Interpretation of LOC
•
•
LOC was developed and verified as a method for predicting when a sound
will be accurately localized when the direct sound is much lower in total
energy than the sum of all reflections.
Like C80, IACC80, and similar measures, LOC is based on a time window
that begins with the onset of the direct sound.
– In practice, syllables or notes that will be affected by any of these measures will
depend on the rise time (onset time) of the sound.
– If the sound starts gradually the precise moment of onset becomes
indeterminate, and separating direct sound from reflections becomes impossible.
– Thus LOC – and other such measures – are accurately predictive only for signals
with sharp onsets.
– Additionally, if the direct sound from a note or syllable is masked by
reverberation from a previous sound, the direct sound will not be audible.
•
LOC predicts the audibility of the direct sound for a syllable or note with a
rapid rise-time when there is sufficient freedom from masking from previous
sounds.
– Although musical signals often do not meet these criteria, in practice there are
enough occasions that do meet the criteria that the LOC equation is useful.
•
Remember that for the purposes of this talk Localization is only a proxy for
the main goal – predicting when the direct sound is sufficiently audible to
produce engagement.
– Preliminary results suggest LOC achieves this goal.
Localization Equation Setup
•
The Localization Equation was developed and tested using binaural impulse
response generated using the author’s own HRTFs.
– The source position was 15 degrees to the left (and right) of center. Only the
ipselateral channel was analyzed.
– Male speech alternated from left to right with a time gap of 400ms, to allow for
complete decay of the reverberation between each word.
– The reverberation was generated using an independent decaying noise signal
convolved with each of 54 HRTFs spaced equally around the listening position.

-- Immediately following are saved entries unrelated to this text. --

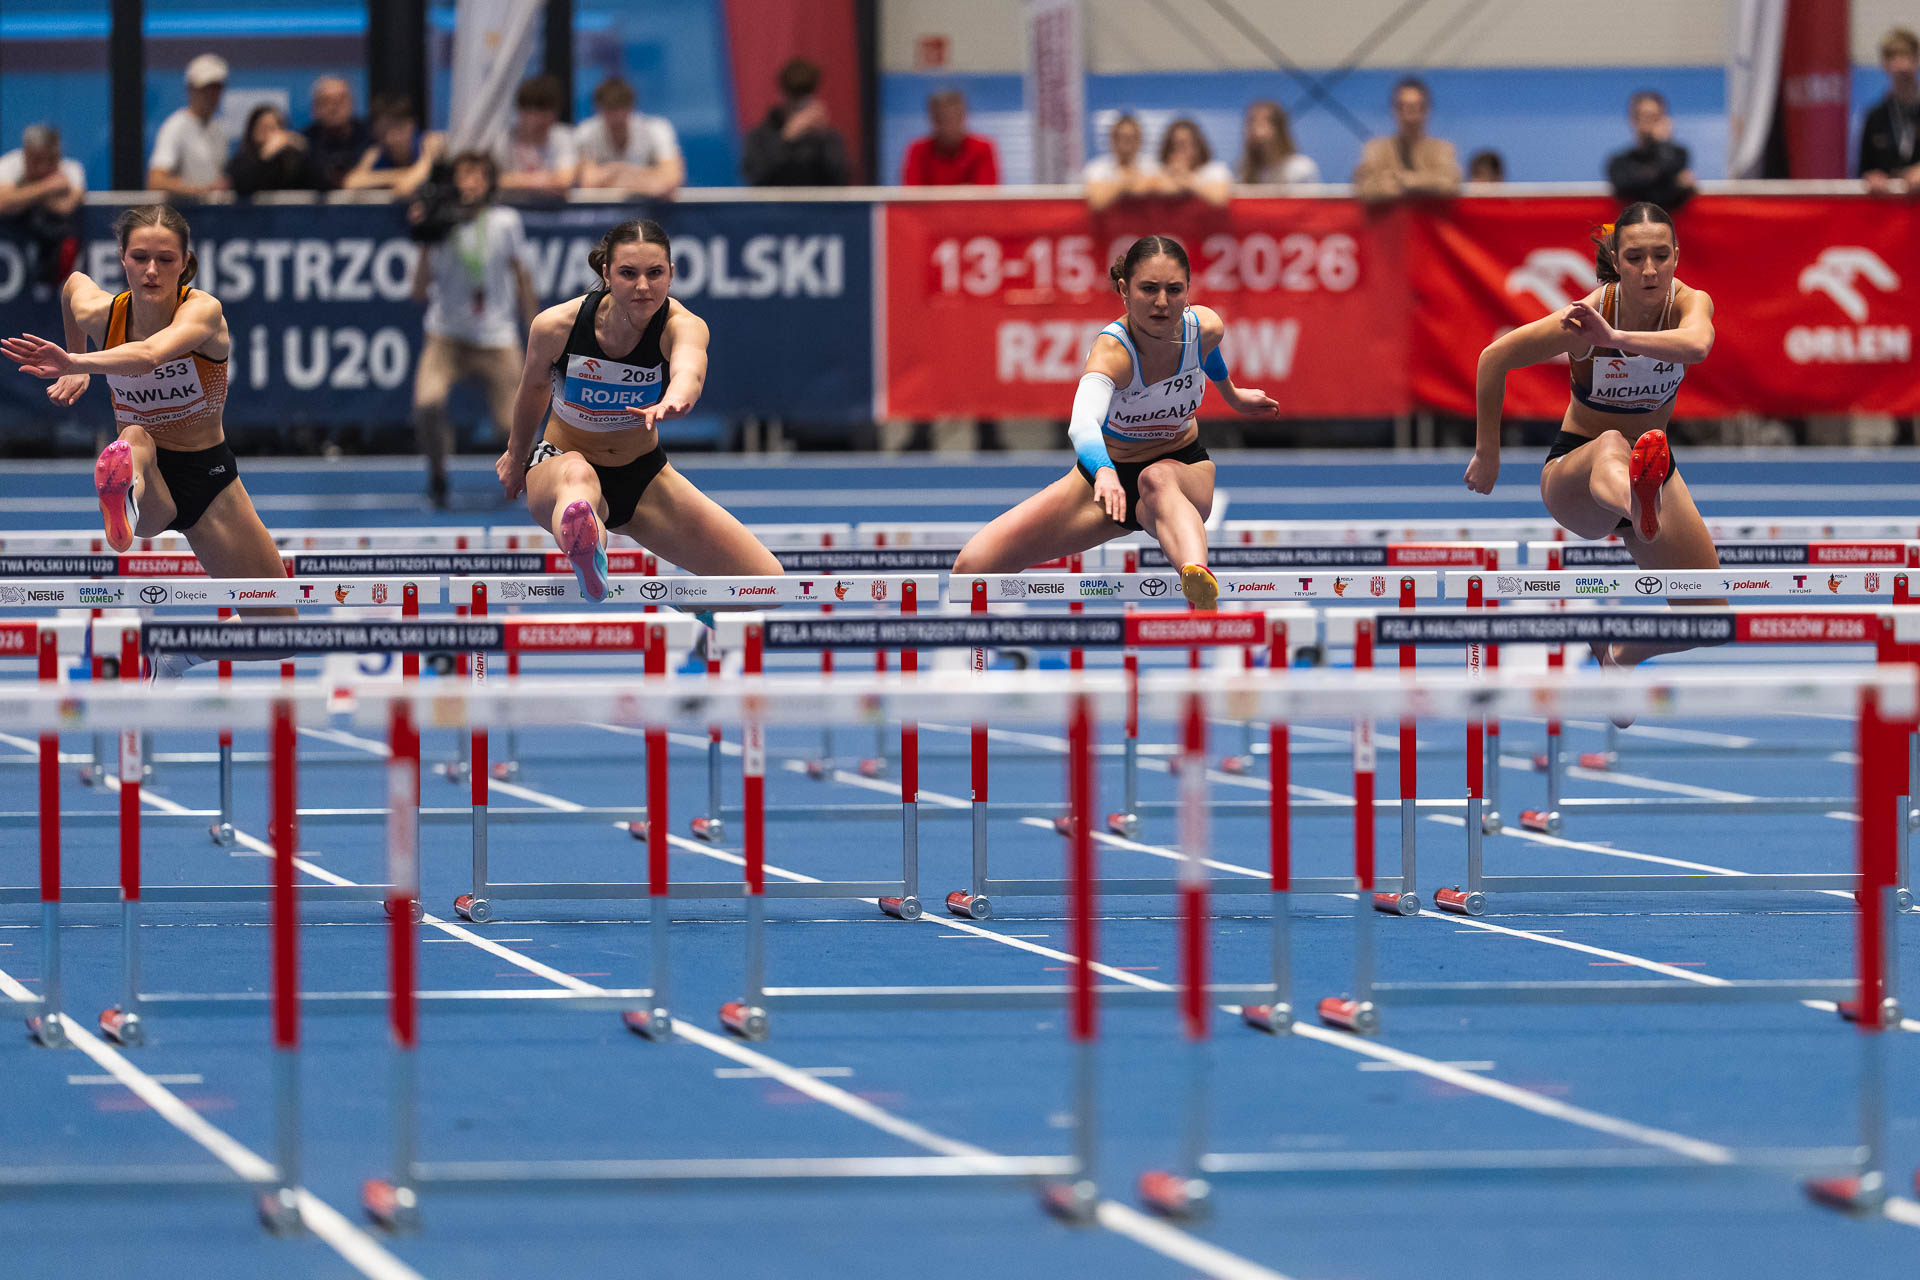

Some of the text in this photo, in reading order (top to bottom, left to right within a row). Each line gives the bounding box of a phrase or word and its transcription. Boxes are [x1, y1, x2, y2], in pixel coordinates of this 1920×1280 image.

[664, 235, 845, 299] OLSKI
[1784, 325, 1912, 363] ORLEN
[283, 326, 413, 391] U20
[154, 363, 188, 380] 553
[1652, 361, 1675, 375] 44
[578, 368, 656, 383] ORLEN 208
[1163, 374, 1193, 396] 793
[1596, 375, 1682, 398] MICHALUK
[115, 383, 197, 405] PAWLAK
[580, 387, 645, 404] ROJEK
[1114, 399, 1198, 424] MRUGAŁA
[1079, 580, 1109, 588] GRUPA
[1237, 581, 1276, 593] polanik
[1575, 578, 1604, 586] GRUPA
[1669, 581, 1702, 593] Okęcie
[1732, 579, 1771, 591] polanik
[79, 587, 108, 595] GRUPA
[174, 590, 208, 602] Okęcie
[238, 589, 277, 601] polanik
[675, 586, 708, 598] Okęcie
[738, 585, 777, 597] polanik
[1079, 588, 1114, 596] LUXMED
[1575, 586, 1609, 594] LUXMED
[79, 595, 114, 603] LUXMED
[149, 627, 187, 648] PZLA
[190, 627, 254, 647] HALOWE
[257, 626, 368, 648] MISTRZOSTWA
[370, 626, 425, 647] POLSKI
[426, 626, 457, 646] U18
[466, 626, 498, 646] U20
[518, 624, 592, 646] RZESZÓW
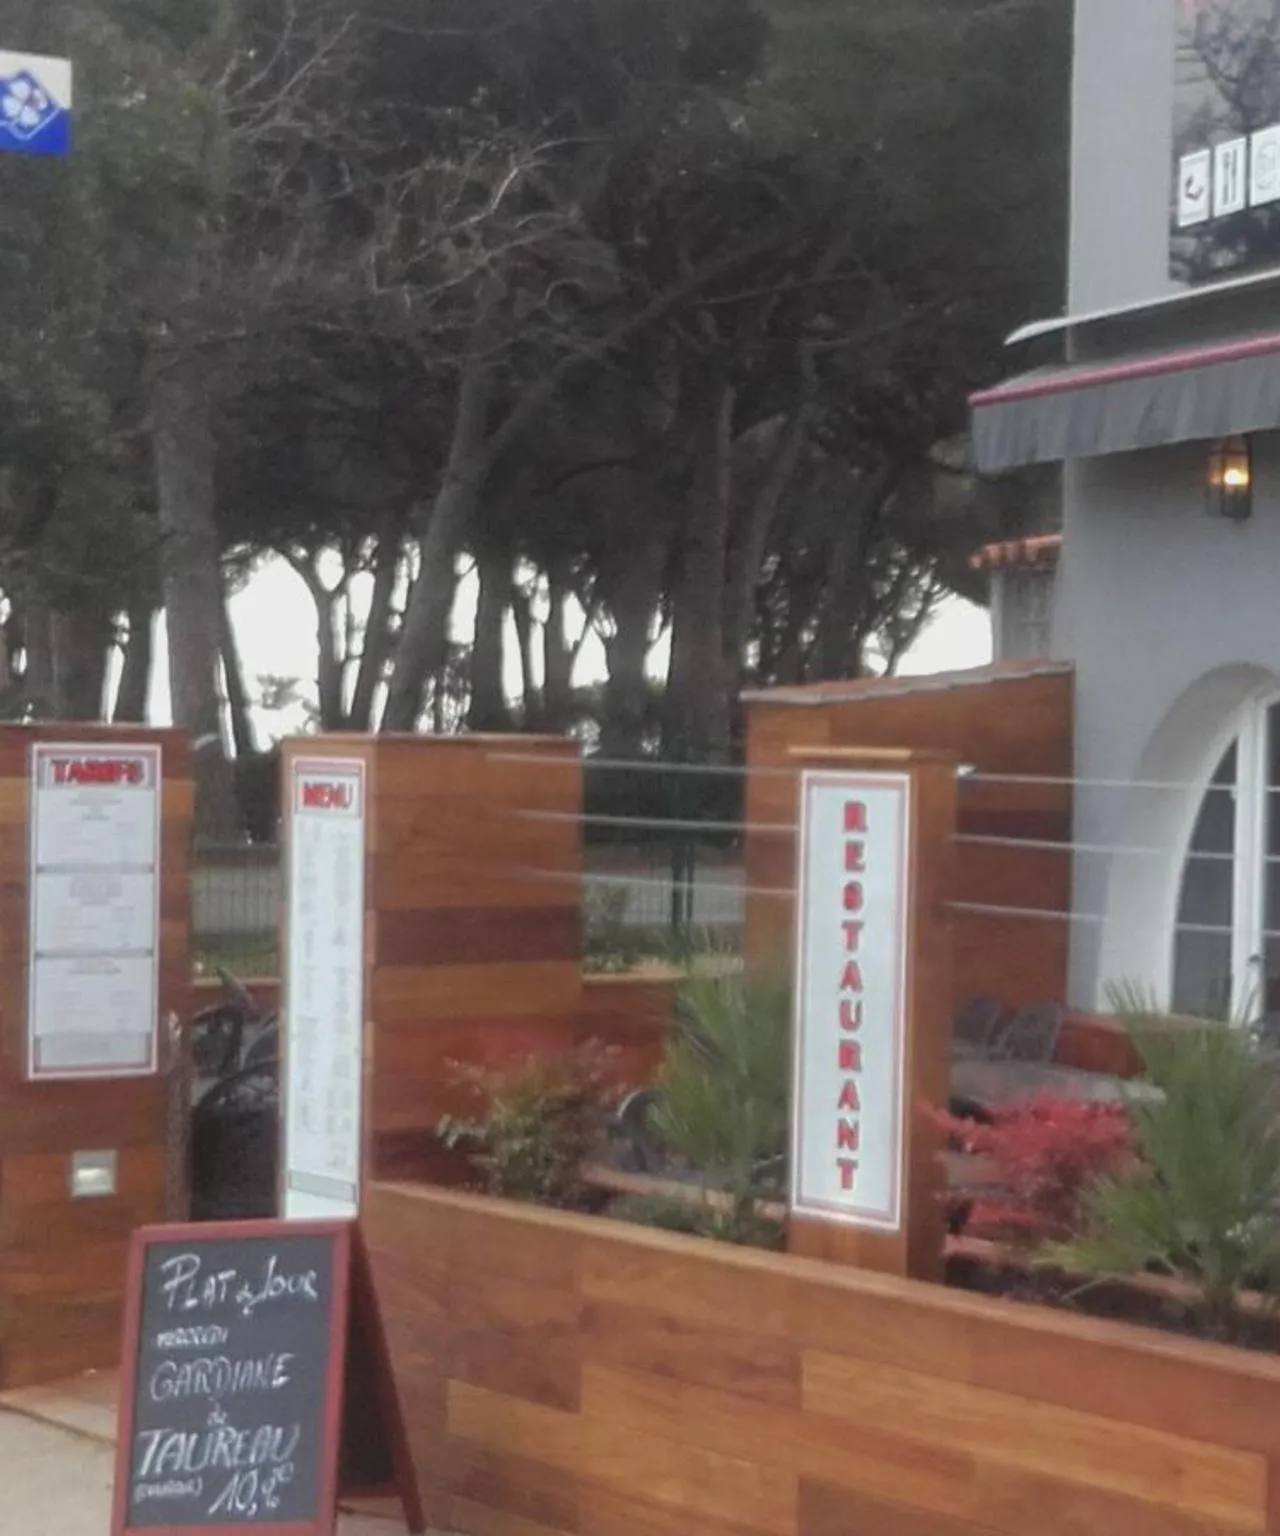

– The HRTFs were equalized so that the azimuth zero elevation zero HRTF was
flat from 40Hz to about 4kHz. The elevation notch at 7.8kHz was not equalized
away, but was left in place.
– Playback was done through headphones equalized to match a loudspeaker
placed in front of the listener – again not equalizing the 7.8kHz notch from the
listener’s frontal HRTF of the loudspeaker.
• Because my data show that the perception of both localization and
near/far is mostly a high frequency phenomenon, the impulse
response was bandpass filtered between 700Hz and 4000Hz before
being analyzed for localization.
– If a measured binaural impulse response is used as an input, care should be
taken to insure the dummy head is equalized as described above.
– Because of the importance of upward masking in localization, if the low
frequencies in the room signal are significantly stronger than those in the
frequency range from 700 to 4000Hz, localization is likely to be poorer than the
equation would predict.
Comments on LOC
– LOC is based on the LOG of the build-up of reverberant energy.
• This follows directly from the physiological model.
• Current measures integrate the sound energy rather than the log of sound energy. But our
physiology works differently. One of the consequences is that reflections that arrive early
have more influence than reflections that arrive later.
– As energy builds up additional reflections are not counted as strongly.
• Reflections later than 100ms are ignored in calculating LOC.
– This is very different from C80 or C50, which count the earliest reflections a part of
the direct sound, and compare the energy sum to the energy sum of all the later
reverberation.
• In a small hall most of the energy arrives before 80ms regardless of the relative strength
of the direct sound, so C80 and C50 are usually high.
• But small halls can have high C80 or C50, poor localization, and a lack of clarity.
– LOC depends strongly on the delay between the direct sound and the build-up of
the reverberation.
• late reverberation does not impair localization of short notes.
• The principle difference between the localizability in small halls and large halls is the rate
at which reflected energy builds up after the start of a note.
– LOC is NOT related to EDT – even if Jordan’s original definition of EDT is used.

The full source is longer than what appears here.